D(E)RY Motif- A Conserved Proton Dependent Modular Switch In Class-1 GPCRs

Activation of G protein-coupled receptors (GPCRs) orginates in ligand-induced structural changes that are transmitted across the plasma membrane to the cytosolic receptor surface. In rhodopsin-like class-1GPCRs, protonation of a carboxylic acid (Glu134 in rhodopsin) in the conserved cytosolic D(E)RY motif in transmembrane helix 3 (TM3) is coupled to receptor activation.

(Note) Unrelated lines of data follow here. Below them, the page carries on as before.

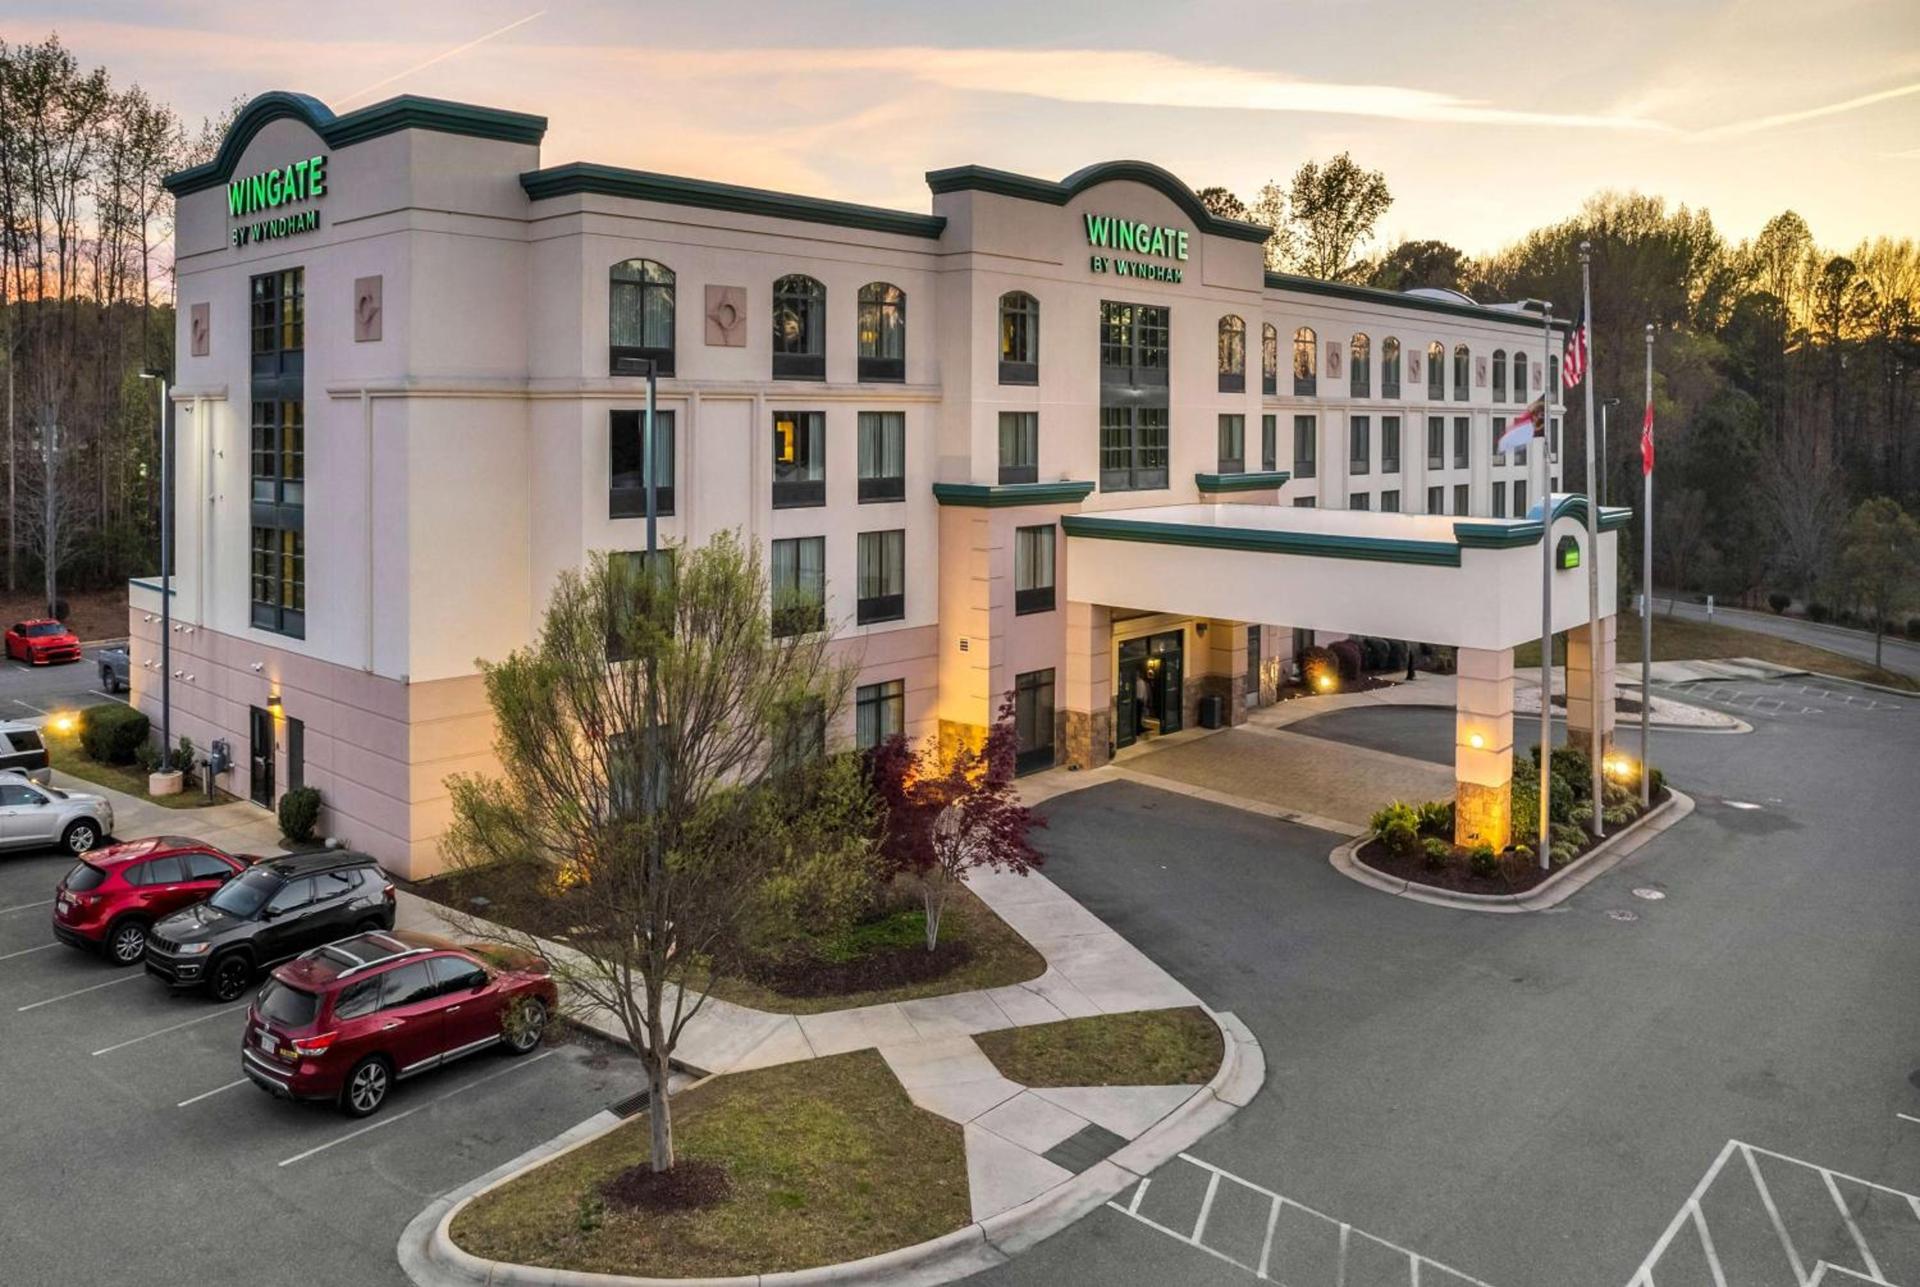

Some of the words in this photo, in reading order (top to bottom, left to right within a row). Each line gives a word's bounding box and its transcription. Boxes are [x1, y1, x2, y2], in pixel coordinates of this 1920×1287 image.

[228, 155, 324, 217] WINGATE
[232, 225, 248, 247] BY
[251, 210, 317, 242] WYNDHAM
[1086, 213, 1189, 261] WINGATE
[1092, 256, 1109, 274] BY
[1115, 259, 1183, 284] WYNDHAM
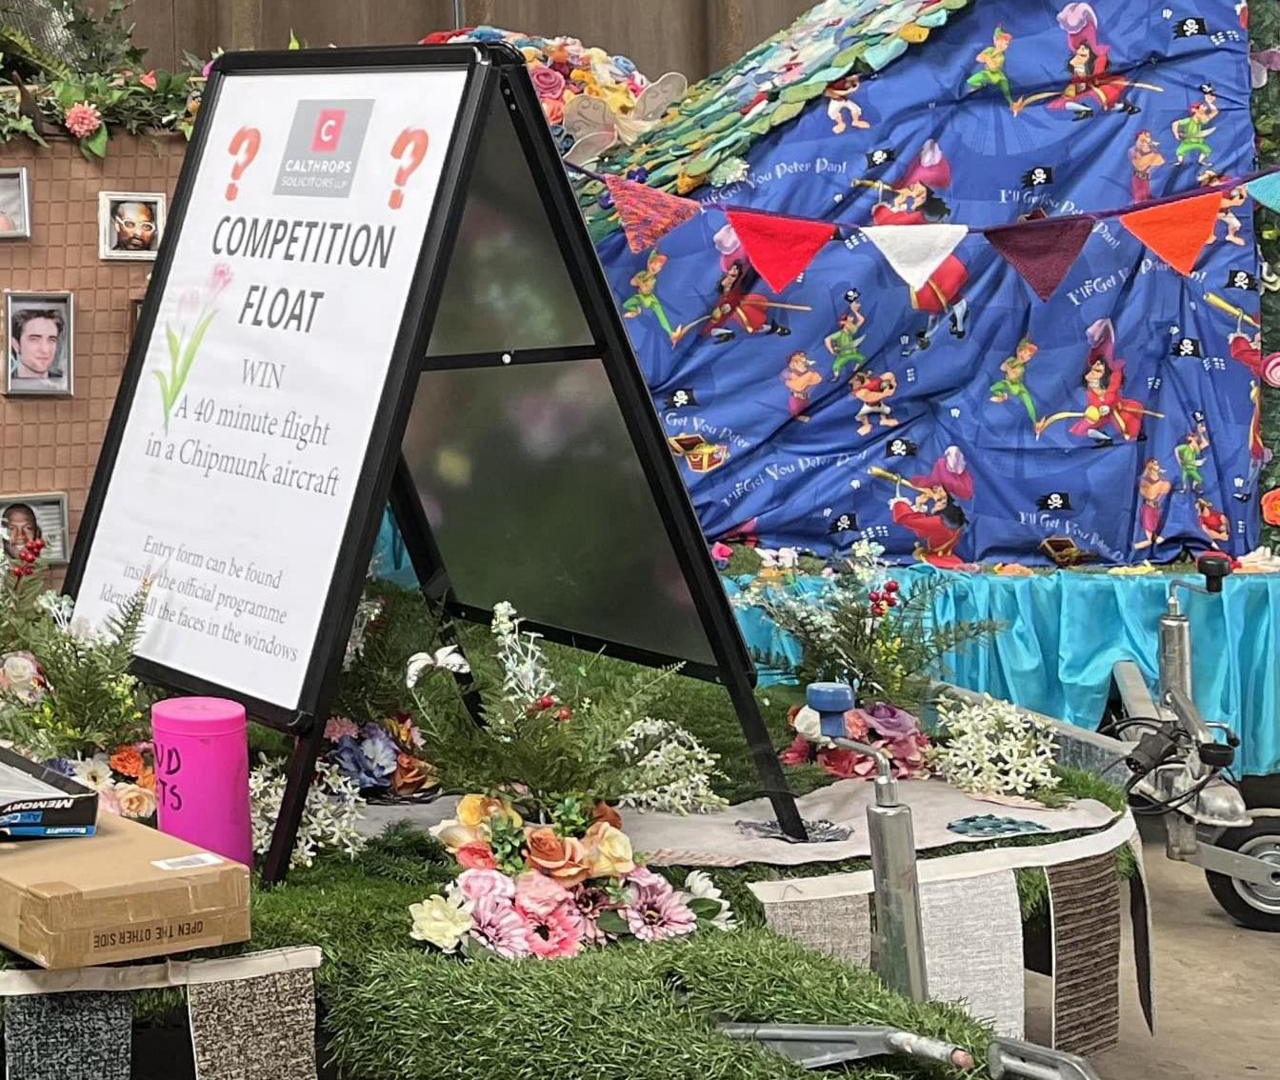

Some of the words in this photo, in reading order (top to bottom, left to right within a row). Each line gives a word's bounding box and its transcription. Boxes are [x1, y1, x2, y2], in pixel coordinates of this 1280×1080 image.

Here, we have investigated the proton-sensitivity of the structure of synthetic peptides consisting of 30amino acids derived from TM3 of bovine rhodopsin (rho) and the chemokine receptor CCR3. ATR- Fourier-transform-infrared (FTIR) spectroscopy reveals a helical structure of the rho-TM3 peptide in PC vesicles and detergent micelles, where Glu134 exchanges protons with the solvent at a pKa of 5.5-6.0 as determined from the pH sensitivity of the COO- stretching mode. The amide I modes reveal a proton-induced helical turn formation in rho-TM3 and CCR3-TM3. The conformational change in the ERY motif is affects also the Tyr136 fluorescence which exhibits a strong pH sensitivity (pKa of 6) which is abolished upon replacement of Glu134 by Gln in rho-TM3. Förster-Resonance-Energy-transfer from a C-terminal Trp to DANSYL-labelled lipids in mixed micelles and lipid vesicles evidences that the D(E)RY motif constitutes an autonomous proton-driven conformational switch which couples protonation to helical turn formation and probably helix insertion depth. We propose that the protonation-controlled hydrophobicity profile at the cytosolic end of TM3 provides a pH-sensitive module that couples helix packing in the active receptor conformation of class I GPCRs to proton exchange reactions with the cytosol.